__Extracted records__.
== Segment start ==
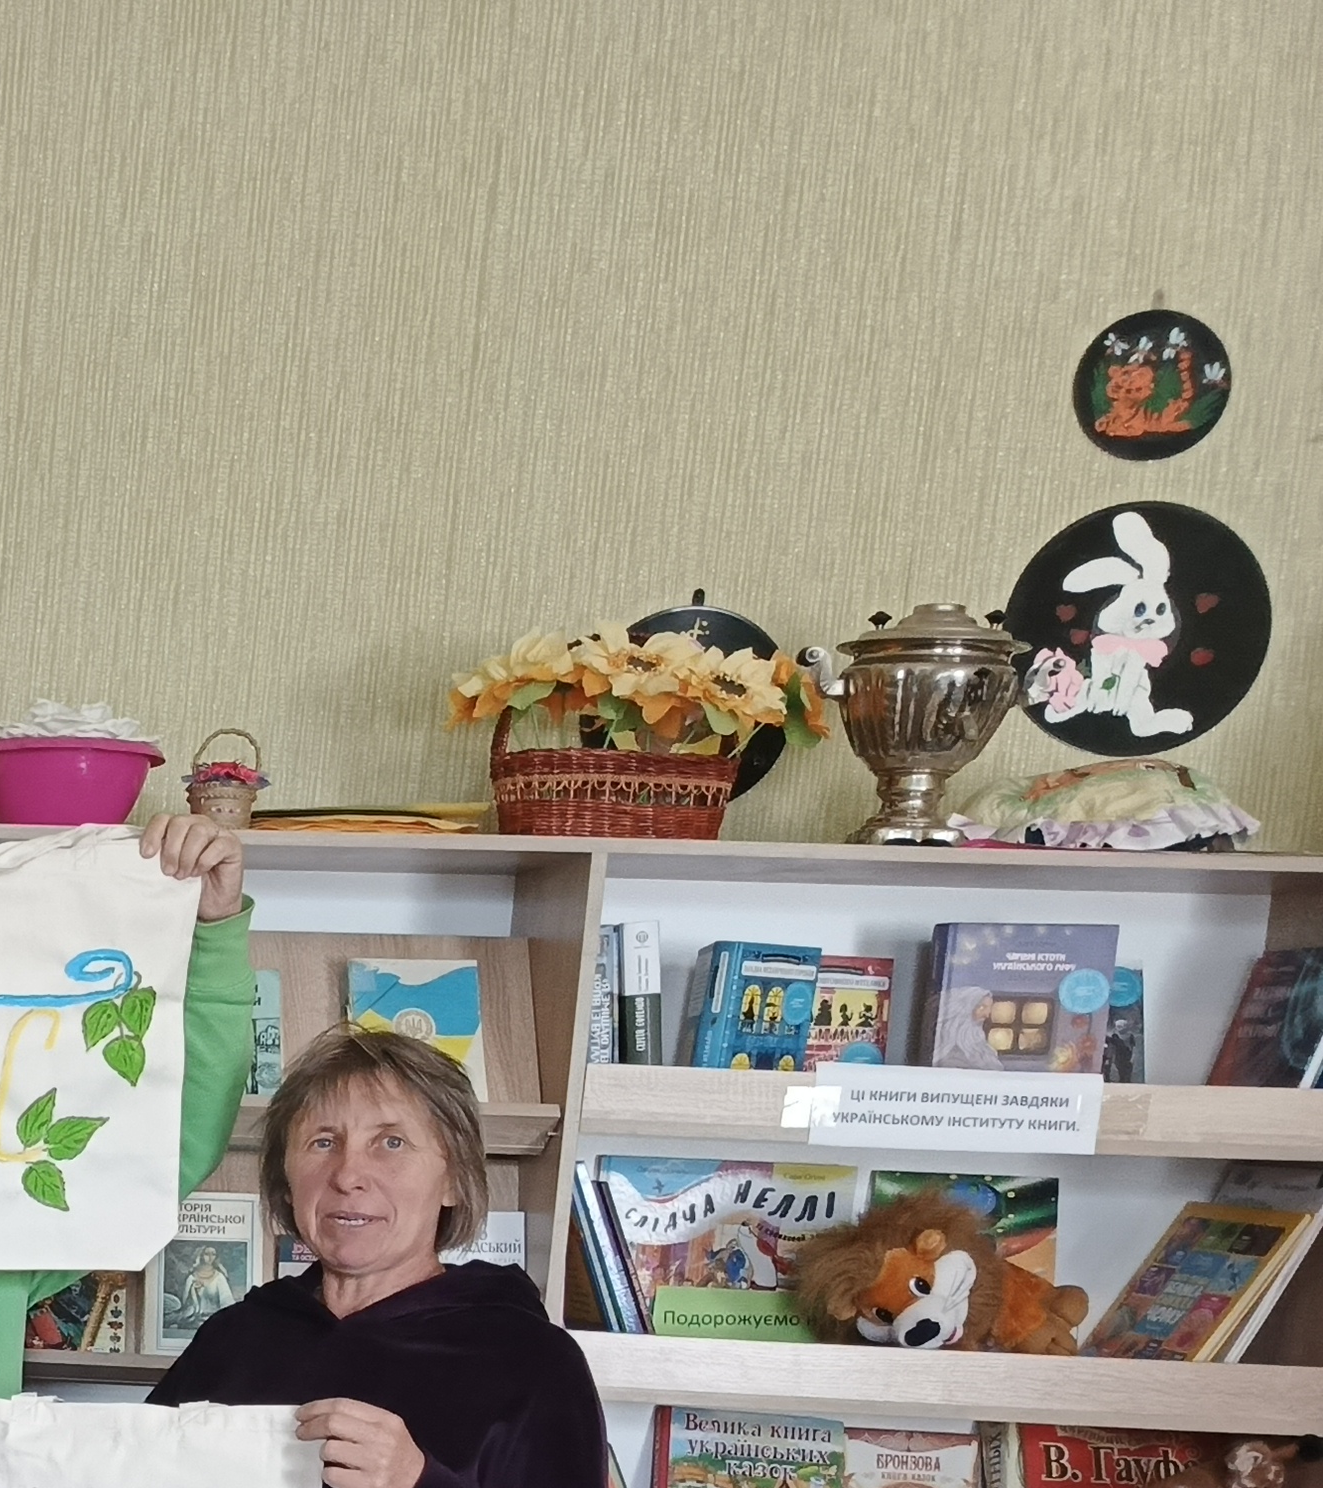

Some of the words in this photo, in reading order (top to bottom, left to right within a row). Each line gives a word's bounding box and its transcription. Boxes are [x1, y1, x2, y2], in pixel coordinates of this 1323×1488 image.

[850, 1089, 865, 1103] ЦІ
[869, 1090, 917, 1103] КНИГИ
[920, 1092, 998, 1108] ВИПУЩЕНІ
[1003, 1094, 1070, 1109] ЗАВДЯКИ
[832, 1110, 944, 1127] УКРАЇНСЬКОМУ
[947, 1115, 1024, 1131] ІНСТИТУТУ
[1027, 1120, 1081, 1133] КНИГИ.
[179, 1203, 212, 1213] ТОРІЯ
[624, 1193, 716, 1234] СЛІДЧА
[733, 1179, 837, 1223] НЕЛЛІ
[178, 1212, 246, 1225] РАЇНСЬКОЇ
[663, 1310, 800, 1334] Подорожуємо
[684, 1412, 763, 1438] Велика
[770, 1423, 832, 1444] книга
[687, 1437, 831, 1466] українських
[876, 1453, 941, 1472] БРОНЗОВА
[1038, 1441, 1083, 1483] В.
[725, 1459, 798, 1480] казок
== Segment end ==
__Exercise prompt__. Restate every line of the listing exactly. Pictures are not part of the copy.

__Answer section__.
Some of the words in this photo, in reading order (top to bottom, left to right within a row). Each line gives a word's bounding box and its transcription. Boxes are [x1, y1, x2, y2], in pixel coordinates of this 1323×1488 image.

[850, 1089, 865, 1103] ЦІ
[869, 1090, 917, 1103] КНИГИ
[920, 1092, 998, 1108] ВИПУЩЕНІ
[1003, 1094, 1070, 1109] ЗАВДЯКИ
[832, 1110, 944, 1127] УКРАЇНСЬКОМУ
[947, 1115, 1024, 1131] ІНСТИТУТУ
[1027, 1120, 1081, 1133] КНИГИ.
[179, 1203, 212, 1213] ТОРІЯ
[624, 1193, 716, 1234] СЛІДЧА
[733, 1179, 837, 1223] НЕЛЛІ
[178, 1212, 246, 1225] РАЇНСЬКОЇ
[663, 1310, 800, 1334] Подорожуємо
[684, 1412, 763, 1438] Велика
[770, 1423, 832, 1444] книга
[687, 1437, 831, 1466] українських
[876, 1453, 941, 1472] БРОНЗОВА
[1038, 1441, 1083, 1483] В.
[725, 1459, 798, 1480] казок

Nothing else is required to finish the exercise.